(Directions for this task) Leave out all images and set down the records exactly as given.

(Data records)
· · · · · · ·
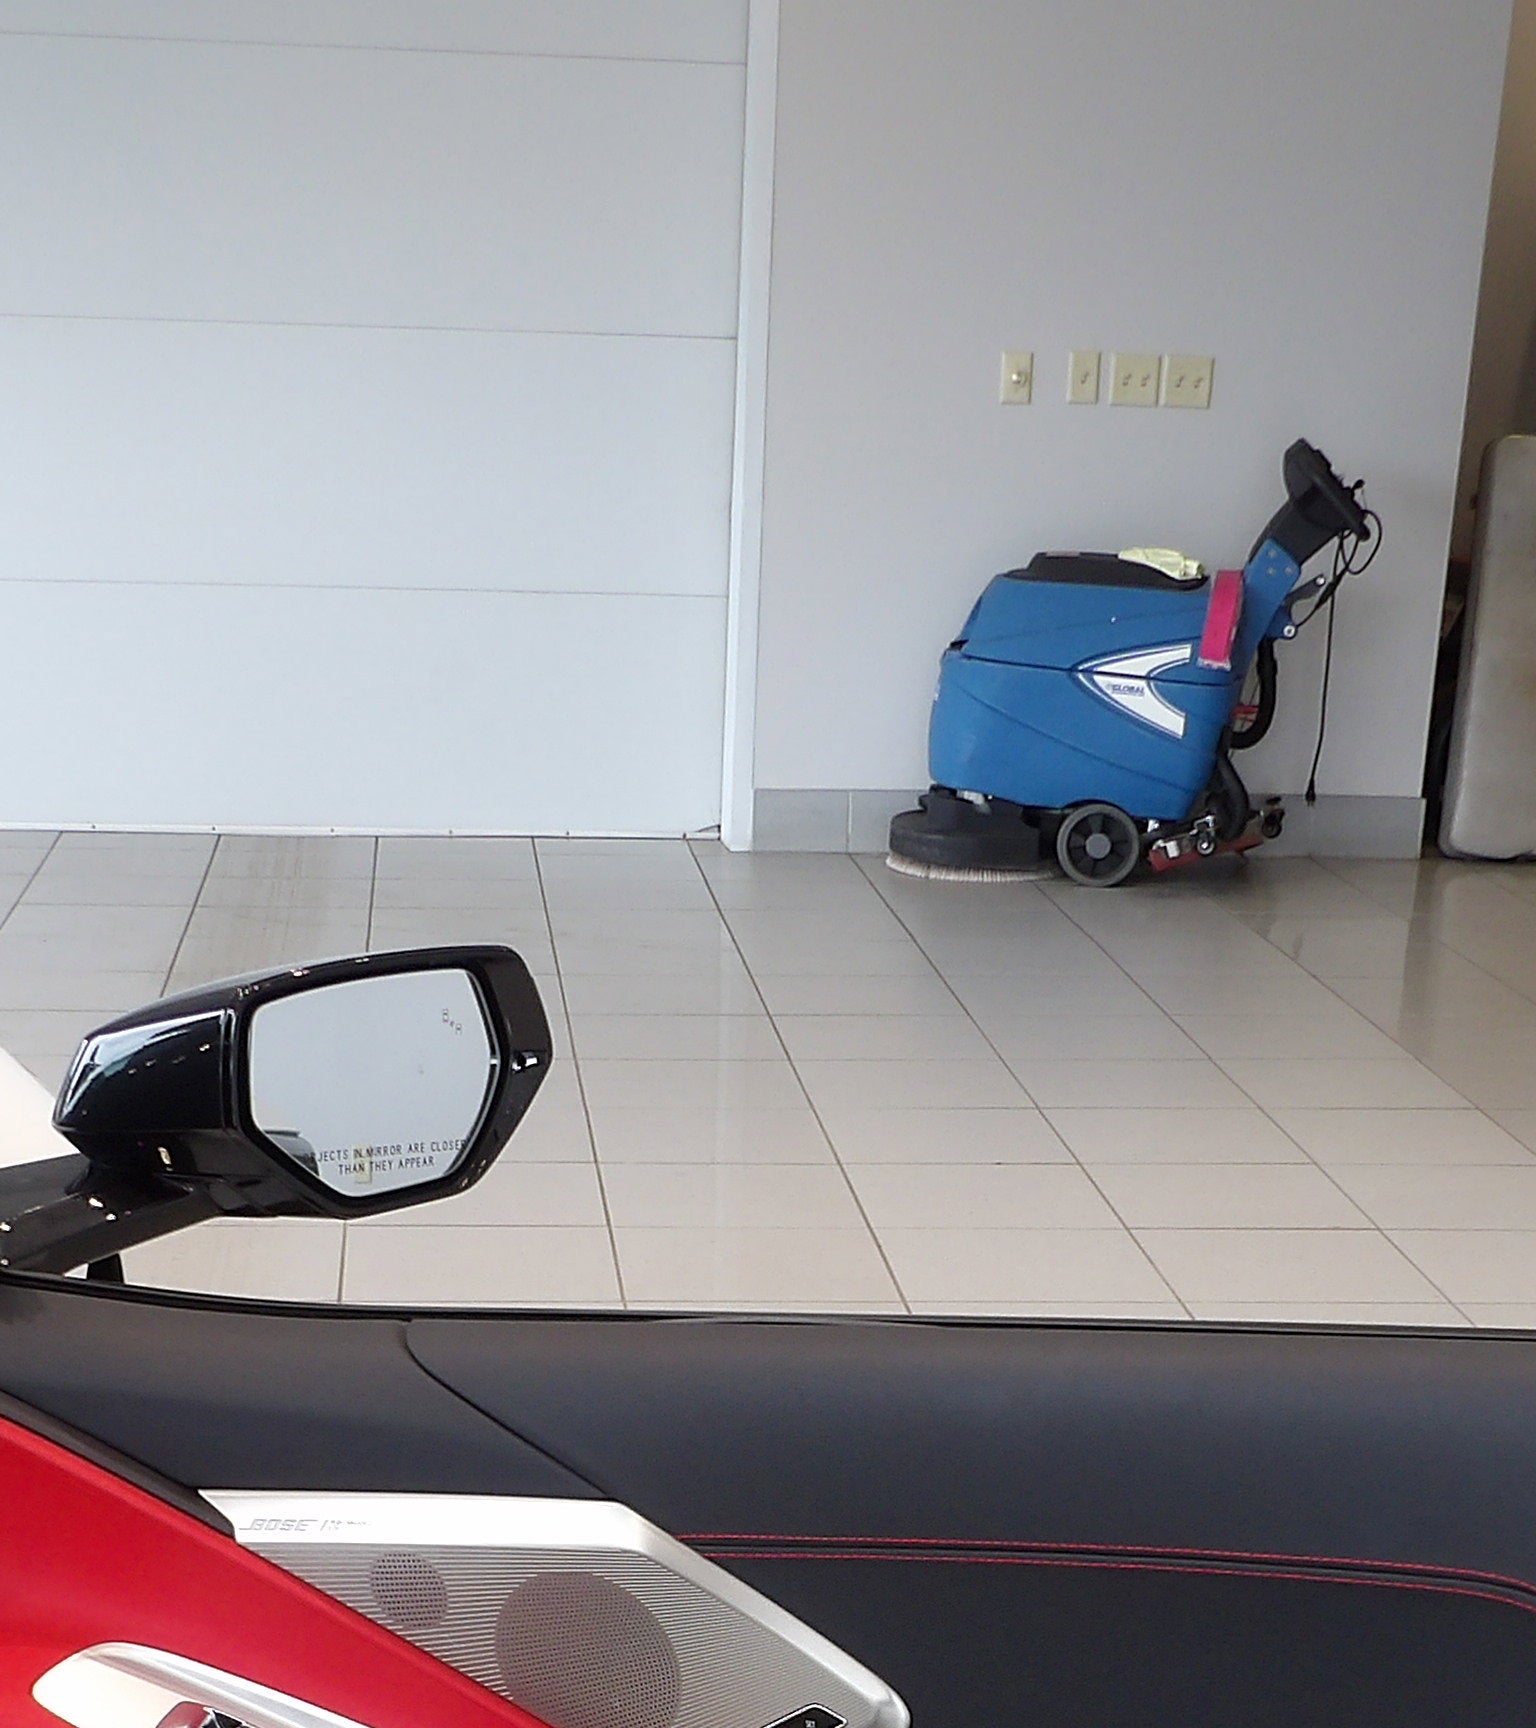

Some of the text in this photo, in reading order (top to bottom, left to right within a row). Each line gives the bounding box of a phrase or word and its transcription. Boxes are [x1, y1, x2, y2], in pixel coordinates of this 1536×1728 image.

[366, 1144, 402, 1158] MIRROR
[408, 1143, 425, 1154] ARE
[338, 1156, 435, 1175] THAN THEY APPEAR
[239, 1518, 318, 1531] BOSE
· · · · · · ·
(Written response)
Some of the text in this photo, in reading order (top to bottom, left to right within a row). Each line gives the bounding box of a phrase or word and its transcription. Boxes are [x1, y1, x2, y2], in pixel coordinates of this 1536×1728 image.

[366, 1144, 402, 1158] MIRROR
[408, 1143, 425, 1154] ARE
[338, 1156, 435, 1175] THAN THEY APPEAR
[239, 1518, 318, 1531] BOSE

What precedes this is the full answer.